People with learning difficulties could lose out on education courses despite government plans to share the costs of supporting them in specialist colleges, a campaigner has warned.
David Congdon, Mencap’s head of campaigns and policy, said a new set of government plans, on the respective contributions of local learning and skills councils, local authorities and the NHS, would fail without funding to back it up.
The plans were outlined in a strategy this week for people with learning difficulties from the Learning and Skills Council (LSC), which is responsible for funding and commissioning further education. The plans are being devised by the Department for Education and Skills, the Department of Health and other
departments and will be in place by 2007. They are designed to provide a framework to share the financial burden.
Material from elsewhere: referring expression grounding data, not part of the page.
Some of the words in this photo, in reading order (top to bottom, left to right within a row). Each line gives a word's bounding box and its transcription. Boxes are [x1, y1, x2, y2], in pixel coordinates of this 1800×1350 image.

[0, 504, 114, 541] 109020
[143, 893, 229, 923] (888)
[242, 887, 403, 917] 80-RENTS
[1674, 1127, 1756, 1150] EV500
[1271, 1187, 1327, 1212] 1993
Last year, the LSC said it was forced to spend millions on the health and care costs of people with learning difficulties in specialist colleges. It added that this should be the responsibility of councils and the NHS and warned it may withdraw
the funding.
But Congdon said: “If you have a situation where the LSC may remove some funding, could anyone with any confidence say that local authorities in the current financial climate have the money to fill the gap? The danger is a situation where the people in the middle [the people with learning difficulties] fall out.”
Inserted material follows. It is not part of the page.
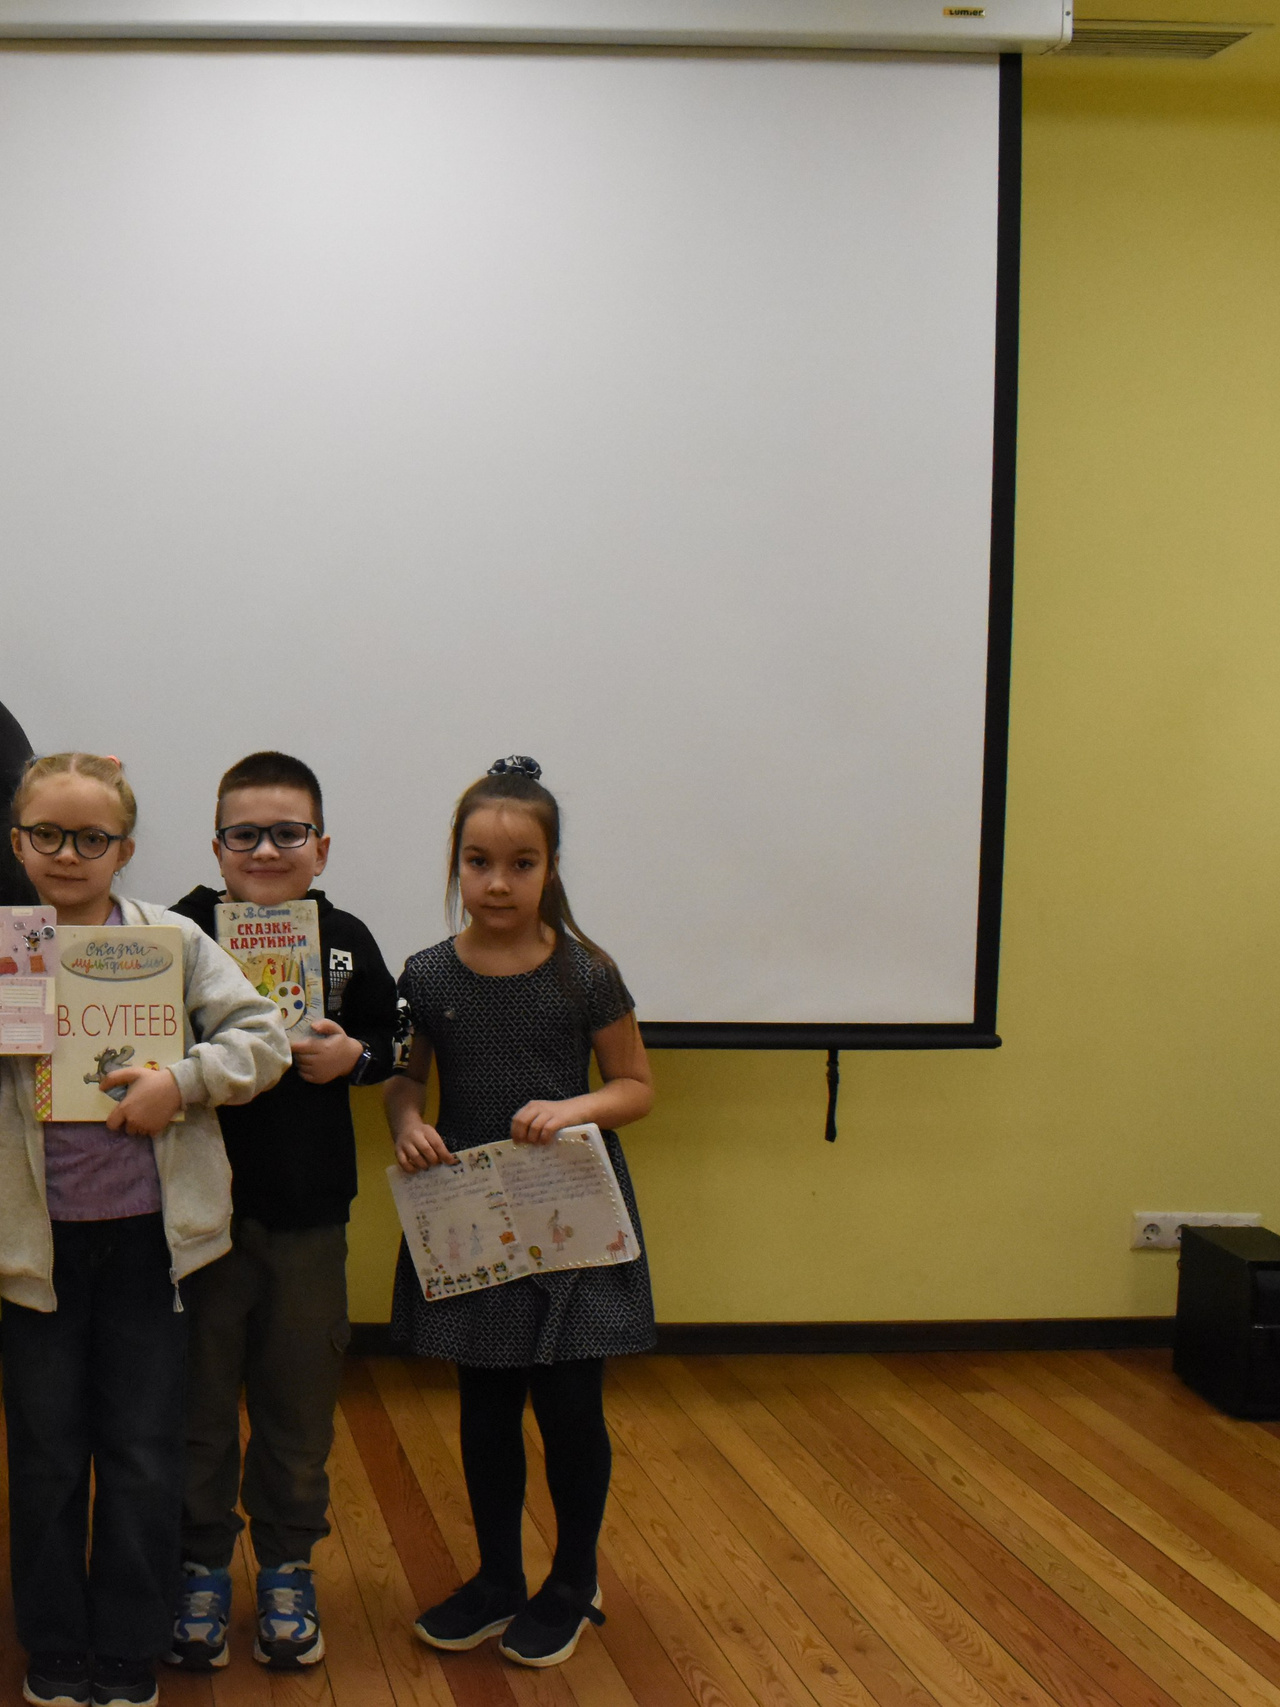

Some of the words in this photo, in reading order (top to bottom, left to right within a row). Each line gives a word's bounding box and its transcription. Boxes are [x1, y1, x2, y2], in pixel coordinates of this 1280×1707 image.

[230, 935, 307, 950] КАРТИНКИ
[71, 956, 164, 974] мультфильмы
[57, 1004, 76, 1037] В.
[81, 1004, 178, 1037] СУТЕЕВ
Congdon added the NHS and local authorities needed to be given additional funding to compensate for any money withdrawn by the LSC if they were given responsibility for provision.
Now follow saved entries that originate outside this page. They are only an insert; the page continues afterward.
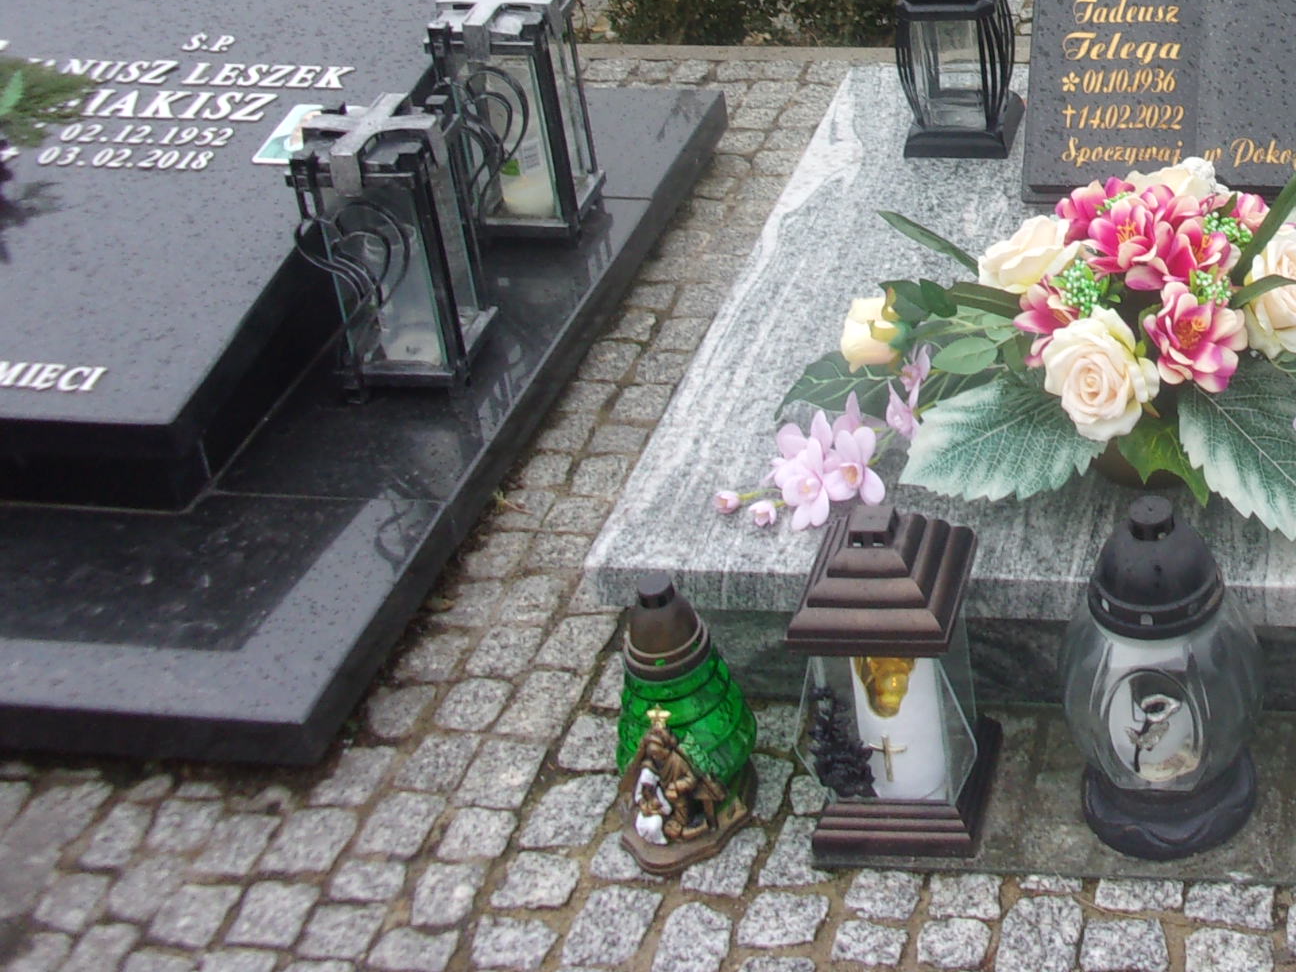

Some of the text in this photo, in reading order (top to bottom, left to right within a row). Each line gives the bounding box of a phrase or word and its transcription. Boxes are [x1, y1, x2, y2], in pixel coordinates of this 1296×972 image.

[1062, 31, 1182, 65] Telega
[28, 57, 354, 89] NUSZ LESZEK
[1083, 68, 1176, 94] 01.10.1936
[1079, 104, 1184, 130] 14.02.2022
[60, 123, 233, 146] 02.12.1952
[38, 146, 214, 170] 03.02.2018
[1062, 136, 1184, 168] Spoczywaj
The plans come with further education colleges cutting educational courses for adults with learning difficulties due to a change in government funding priorities.
● Learning for Living and Work from www.lsc.gov.uk.
The funding dispute
Money was contributed by other agencies in only 229 cases out of 3,181 learners funded by the LSC at specialist colleges for people with learning difficulties in 2003-4, according to an LSC review published last year. Agencies gave about £3.2m compared to the LSC’s overall spend of £126m.